**Task item**
Pictures must not appear in the copy. Restate exactly the lines below from the one with "this 1512×1344 image." through the one with "Some of the words", inclusive.

**Records to process**
-*-*-
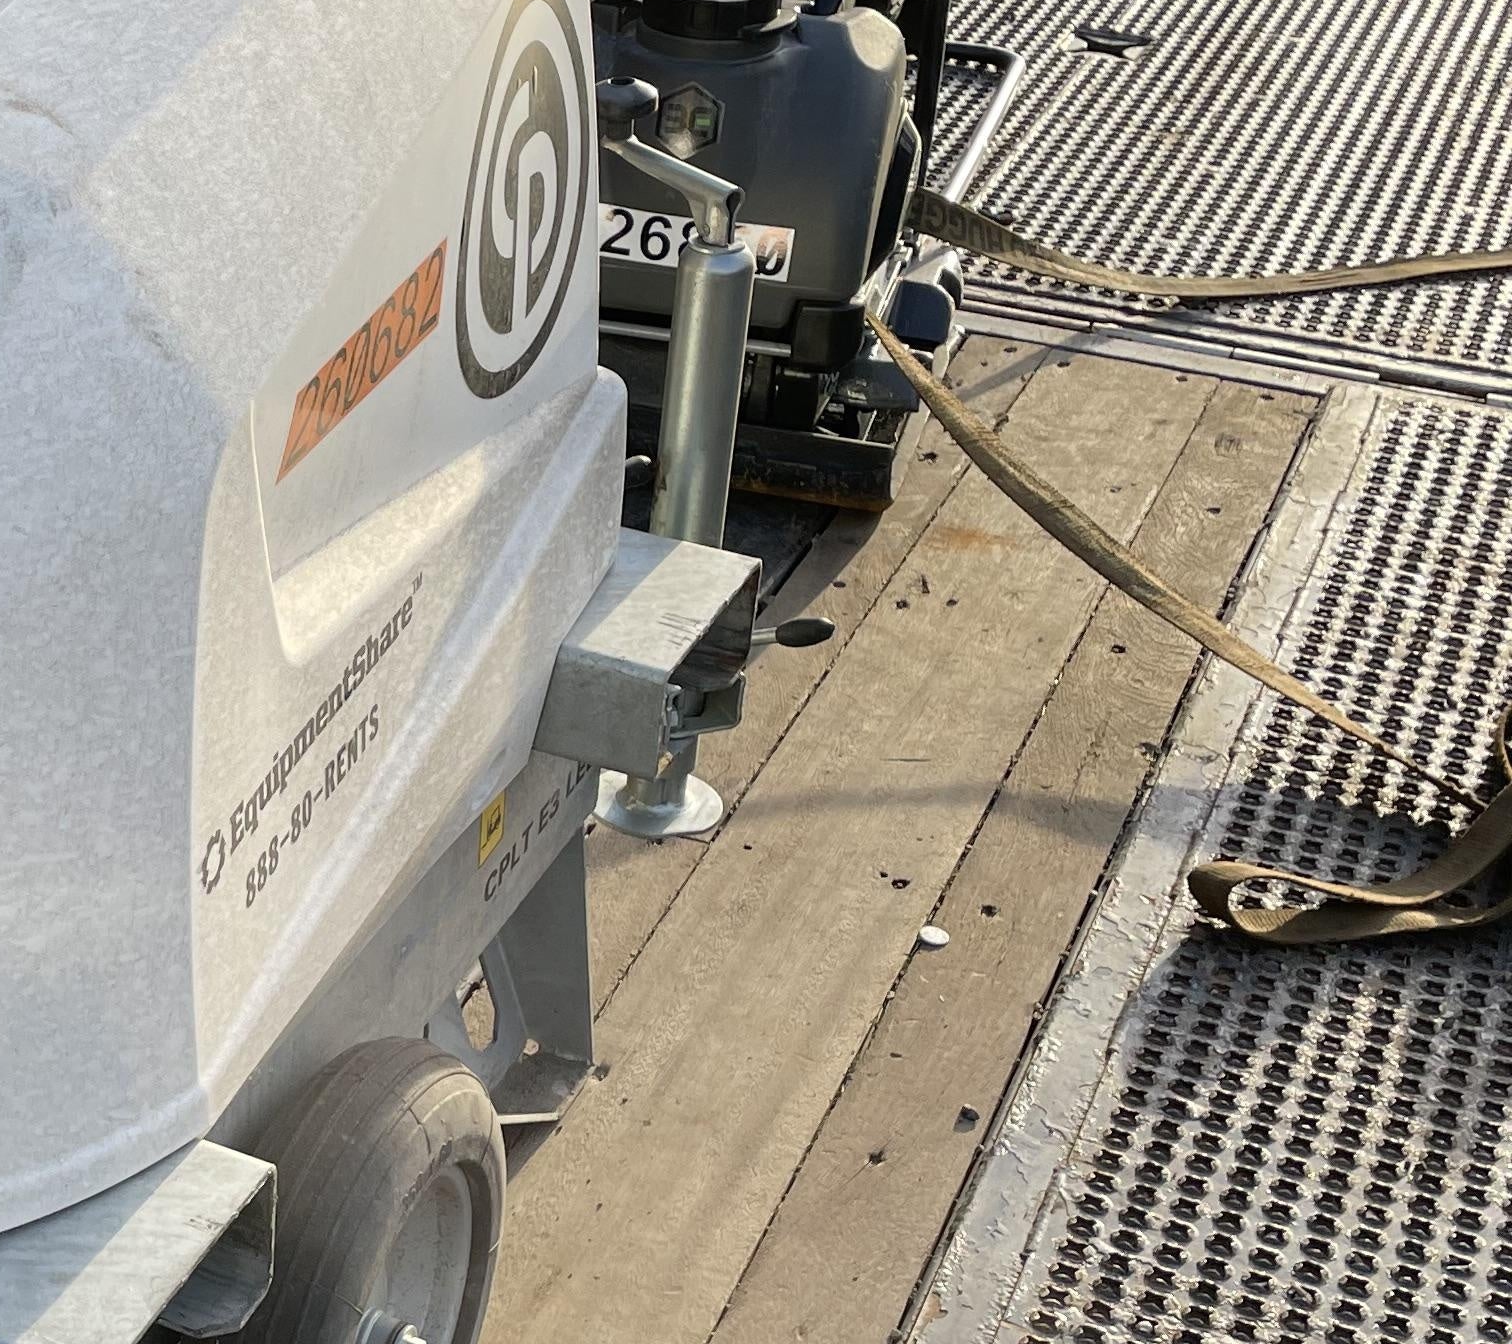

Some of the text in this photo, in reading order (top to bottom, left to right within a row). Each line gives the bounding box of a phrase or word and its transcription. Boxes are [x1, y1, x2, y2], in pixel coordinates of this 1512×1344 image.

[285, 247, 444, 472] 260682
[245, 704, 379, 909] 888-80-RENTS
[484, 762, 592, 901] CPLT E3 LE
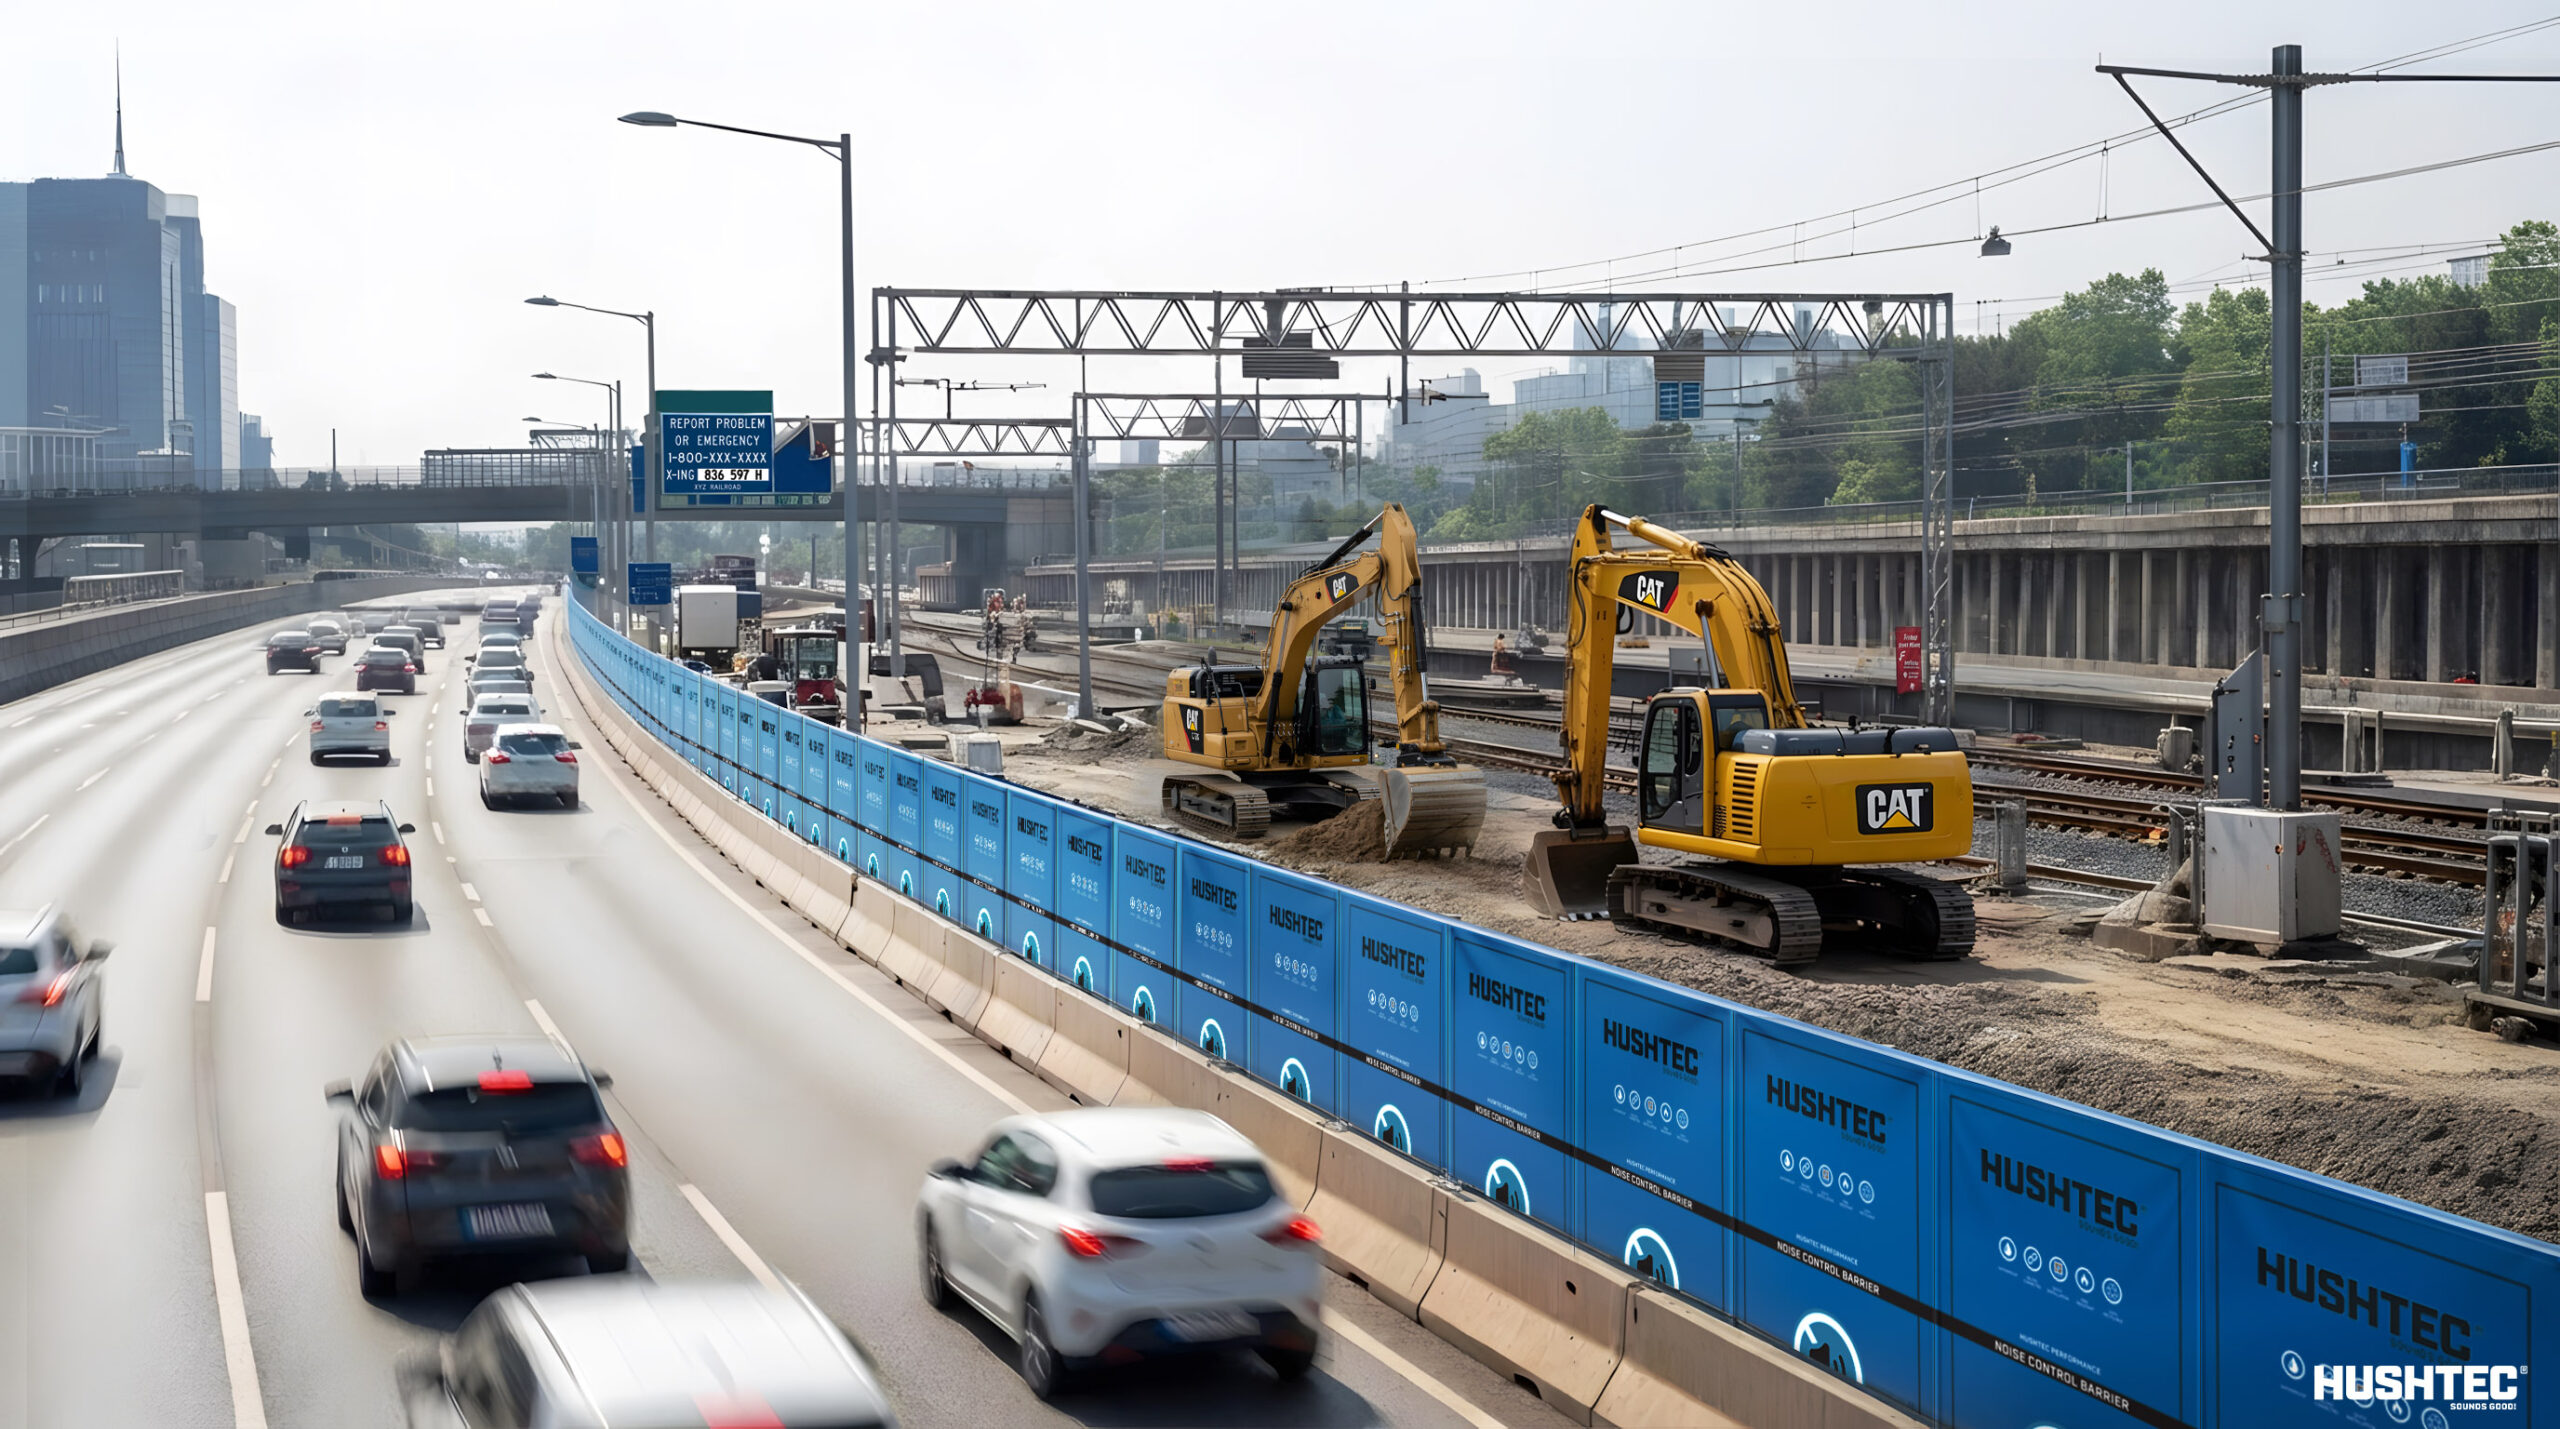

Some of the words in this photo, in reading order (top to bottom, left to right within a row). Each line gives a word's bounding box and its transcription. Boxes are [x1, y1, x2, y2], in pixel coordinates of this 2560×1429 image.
-*-*-
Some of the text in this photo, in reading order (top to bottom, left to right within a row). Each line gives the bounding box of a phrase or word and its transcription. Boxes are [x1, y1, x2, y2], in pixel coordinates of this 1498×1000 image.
-*-*-
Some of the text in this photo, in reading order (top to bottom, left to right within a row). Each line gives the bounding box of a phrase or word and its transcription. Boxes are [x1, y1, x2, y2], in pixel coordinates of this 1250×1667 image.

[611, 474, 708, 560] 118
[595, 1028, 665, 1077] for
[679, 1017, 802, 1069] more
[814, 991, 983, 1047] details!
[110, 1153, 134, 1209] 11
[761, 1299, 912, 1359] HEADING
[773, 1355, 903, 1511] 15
-*-*-
**Response area**
Some of the text in this photo, in reading order (top to bottom, left to right within a row). Each line gives the bounding box of a phrase or word and its transcription. Boxes are [x1, y1, x2, y2], in pixel coordinates of this 1512×1344 image.

[285, 247, 444, 472] 260682
[245, 704, 379, 909] 888-80-RENTS
[484, 762, 592, 901] CPLT E3 LE

Some of the words in this photo, in reading order (top to bottom, left to right within a row). Each line gives a word's bounding box and its transcription. Boxes are [x1, y1, x2, y2], in pixel coordinates of this 2560×1429 image.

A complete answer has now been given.